Oscar J. Barroso / AFP7 / Europa Press - Arquivo
MADRID 8 jul. (EUROPA PRESS) -
O ex-atleta espanhol Fermín Cacho confessou que a medalha de prata que conquistou nos 1.500 metros nos Jogos Olímpicos de Atlanta em 1996 deu “ainda mais valor” à medalha de ouro de Barcelona’92, e mostrou-se otimista em relação ao Campeonato Europeu de Birmingham, pois a Espanha conta com “uma equipe muito boa”.
“Tanto Barcelona’92 quanto Atlanta’96 são provas muito importantes para mim. A medalha de prata em Atlanta serviu para valorizar ainda mais o ouro conquistado em Barcelona, porque fui lá para defender o título e consegui ser vice-campeão olímpico. Lembro-me disso como se estivesse correndo agora mesmo”, afirmou Fermín Cacho em entrevista à Europa Press após a homenagem aos atletas olímpicos de Atlanta’96 organizada pelo Comitê Olímpico Espanhol (COE).
Quatro anos antes, Cacho havia disputado os Jogos Olímpicos de Barcelona, nos quais conquistou o ouro nos 1.500 metros, em um evento que marcou um ponto de inflexão no esporte nacional, devido ao recorde de 22 medalhas conquistadas pela delegação espanhola.
No entanto, o ex-atleta não sentiu pressão para defender o título olímpico, pois aquela corrida já fazia parte da “história”. “Comecei a treinar e a me concentrar não apenas nos Jogos de Atlanta, mas também nos Campeonatos Mundiais e Europeus. É preciso acompanhar, ano após ano, as competições que acontecem para, depois, se preparar para os Jogos.
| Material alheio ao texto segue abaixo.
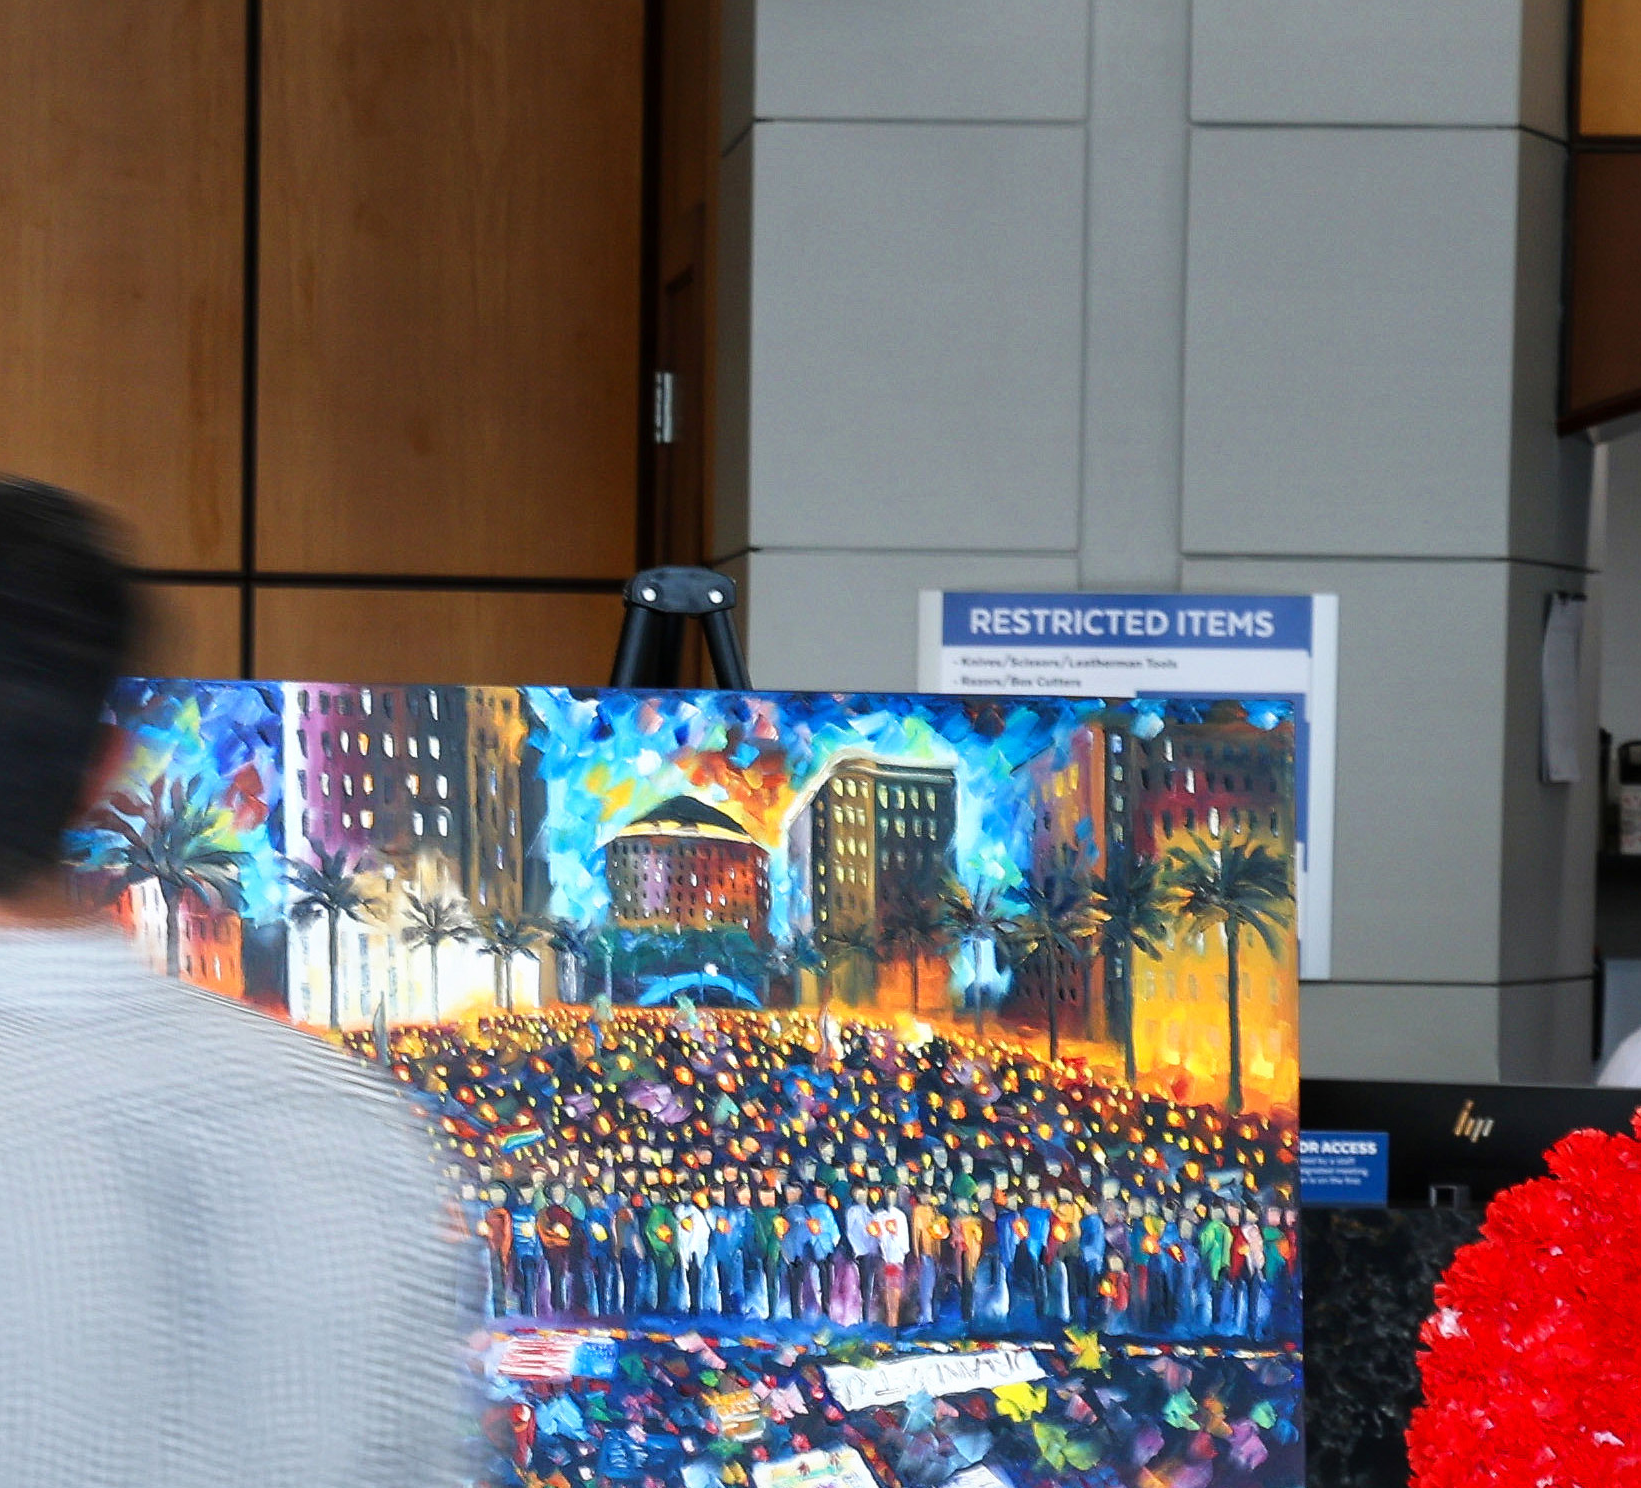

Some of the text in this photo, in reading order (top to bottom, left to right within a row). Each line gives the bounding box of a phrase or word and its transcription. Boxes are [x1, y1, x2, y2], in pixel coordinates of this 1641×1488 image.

Então, cheguei em ótima forma a Atlanta e consegui, pelo menos, defender a medalha de Barcelona”, explicou.
“Houve um problema nos últimos 400 metros da última volta, quando o meio-fundista marroquino Hicham El Guerrouj caiu e eu tive que pular por cima dele. Isso dificultou alcançar o líder da corrida, Nourredine Morceli. Esse foi o único contratempo, mas, fora isso, foi algo magnífico”, lembrou.
O atleta de Soria agradeceu a homenagem no COE, em um reencontro para “ficarmos felizes e contentes”. “Você vai a um lugar onde vê pessoas com quem não se encontrava há muito tempo; também percebe como mudamos e como o tempo passa”, disse ele.
De olho no Campeonato Europeu de Birmingham, que será disputado em agosto, o ex-corredor mostrou-se otimista em relação aos “sucessos” que os espanhóis conquistaram no Mundial de Pista Coberta em março, com duas medalhas de bronze, duas de prata e o ouro de Mariano García. “Espero que consigamos medalhas, porque temos uma equipe muito boa, inclusive em provas nas quais, há alguns anos, era praticamente impossível imaginar que pudéssemos disputar medalhas; então, isso é magnífico”, concluiu.